Réponses au Reviews:
Neliia: Ah contente qu'il te plaise. Merci merci, pour les péripéties , ne t'en fait pas, il y en aura :)
CQFD: Ouais c'était un peu exceptionnel, mais je suppute qu'il y en aura d'autre. Ouais j'ai laissé tomber la relcteure, faut juste que je prenne les temps de le refaire (et de mes faire aussi trois litres de café pour relire tout ça).
MEEEUH.
Benh en fait, il est responsable de beaucoup de chose, mais oui il est mignon!
C'est un peu encore confus, mais en gros ça la traumatisé, quand je dis oublié, je veux dire par la qu'il ne ressent pas le besoin de se transformer.
Je ne sais pas encore, même à ce stade là.
Bisous!
Jujulamiss: Hey, merci pour ton commentaire, j'espère que ce chapitre va te plaire alors !
Guest: merci.
FTFC: Contente qu'il te plaise. Pour ce qui est de sa forme humaine, pas tout de suite, je l'aime bien en dragon.

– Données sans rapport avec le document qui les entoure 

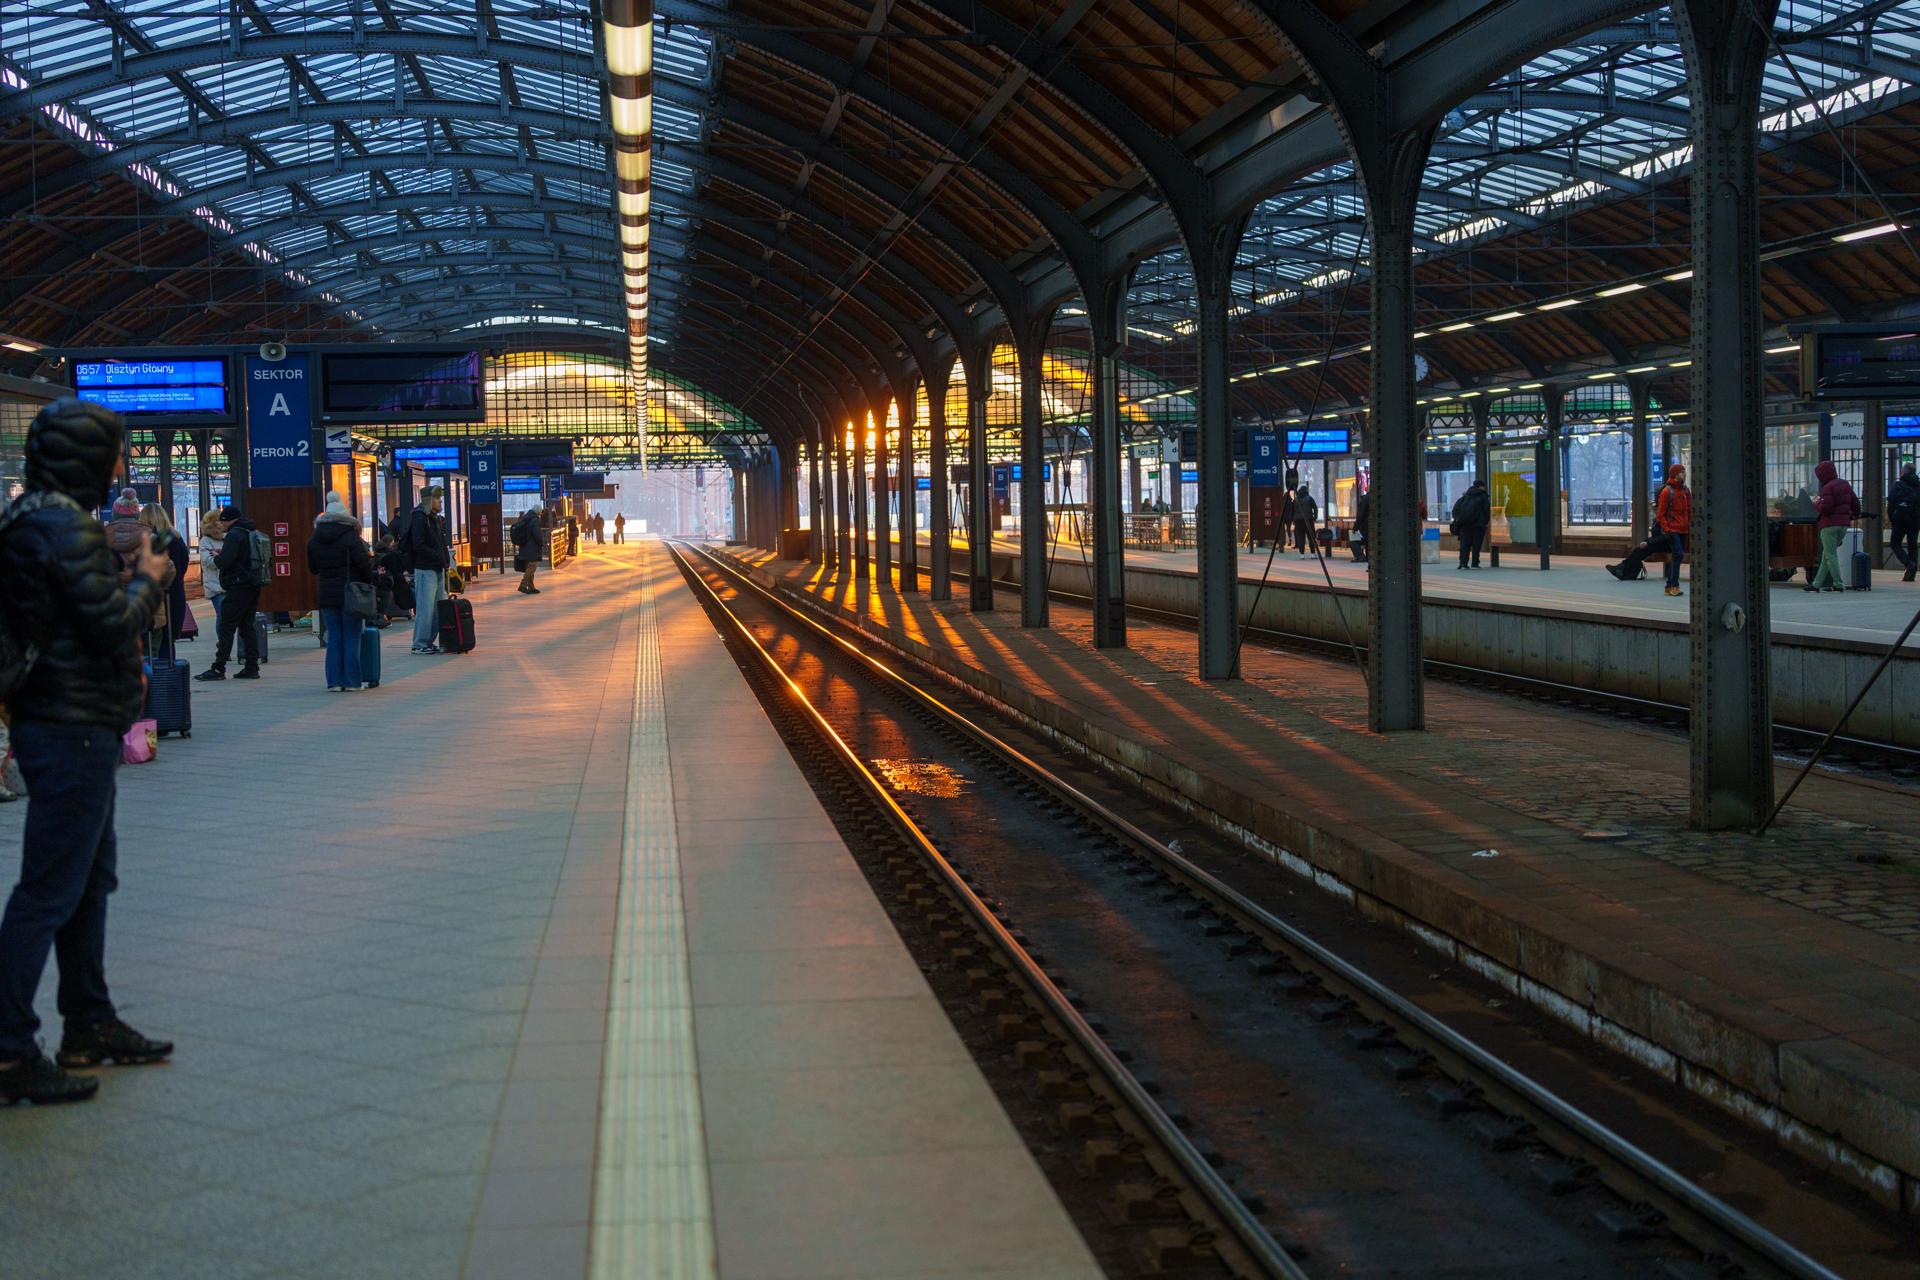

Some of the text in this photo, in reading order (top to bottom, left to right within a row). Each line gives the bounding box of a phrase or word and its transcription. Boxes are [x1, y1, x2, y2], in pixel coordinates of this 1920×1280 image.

[76, 365, 99, 375] 06:57
[106, 364, 140, 374] Olsztyn
[254, 370, 303, 380] SEKTOR
[269, 393, 290, 416] A
[254, 440, 309, 457] PERON 2
[1261, 446, 1270, 456] B
[478, 462, 488, 472] B
[1272, 466, 1278, 474] 3
[490, 482, 496, 490] 2

Lijovanchan: Oui il en faut avec Gajeel, en effet. Je suis contente que tu te pose plein de questions pour la suite (même si je ne suis pas sûre de répondre à tes attentes parfaitement) Merci merci
Cupcakefolie: Merci
○ Chapitre 12 ○
Foulard sur le nez, Levy, à l'aide d'un plumeau, faisait la poussière dans sa chambre. Elle avait ouvert les fenêtres de sa chambre pour la laisser respirer. Dans le jardin on pouvait apercevoir Natsu et Grey en train d'étendre du linge sortant du lavage. Tous avaient décidé la veille ai soir qu'aujourd'hui serait un jour de grand ménage dans le château.
Donc depuis ce matin Levy avait défait ces draps, elle s'était d'ailleurs emmêlée dedans et si Juvia n'était pas venue à son secours, il était fort probable qu'à l'heure actuelle elle y soit encore.

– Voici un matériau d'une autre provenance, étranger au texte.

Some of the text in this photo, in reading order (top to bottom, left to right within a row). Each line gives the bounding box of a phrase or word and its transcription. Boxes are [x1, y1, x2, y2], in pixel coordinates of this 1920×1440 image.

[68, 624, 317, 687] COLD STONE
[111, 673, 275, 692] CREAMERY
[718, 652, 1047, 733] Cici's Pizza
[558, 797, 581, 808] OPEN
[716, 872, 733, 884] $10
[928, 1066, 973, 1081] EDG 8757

Ces même draps reposaient à ses fenêtres et voltaient doucement grâce à la brise.
La Jeune femme était perché sur une chaise, et même sur la pointe des pieds elle peinait à atteindre le haut de l'armoire en chêne massif de la chambre, qui se remplissait peu à peu chaque jour. Elle allongea tous ce qu'elle put pour enlever les poussières accumulées par les années, bien qu'elle doutait de sa propre efficacité, elle savait qu'elle avait dû atteindre que la moitié, et encore rien n'était moins sûr.
Une idée lui vint quand même à l'esprit. Elle sauta de sa chaise et se pencha à la fenêtre.
- Les garçons, j'ai besoin de l'aide de l'un de vous deux !
Natsu fut le premier à s'élever dans les airs et foncer vers la chambre de Levy. Il se posa sur le bord en pierre.
- Qu'est-ce qu'il te faut ?
- Je n'arrive pas atteindre le haut de l'armoire, mais toi tu pourrais voler et passer le chiffon.
- Mais, ça ne se voit pas en haut, bougonna le roux en prenant quand même le plumeau que Levy lui tendait.
Elle tapota l tête de Natsu pour le remercier et le regarda s'envoler et se poser facilement en haut du meuble.
- Ah oui, quand même, souffla t'il avant de donner des grands coups de brosse pour enlever la poussière.
Tandis que Levy commençait à toute remettre en place dans sa chambre en commençant par faire le lit.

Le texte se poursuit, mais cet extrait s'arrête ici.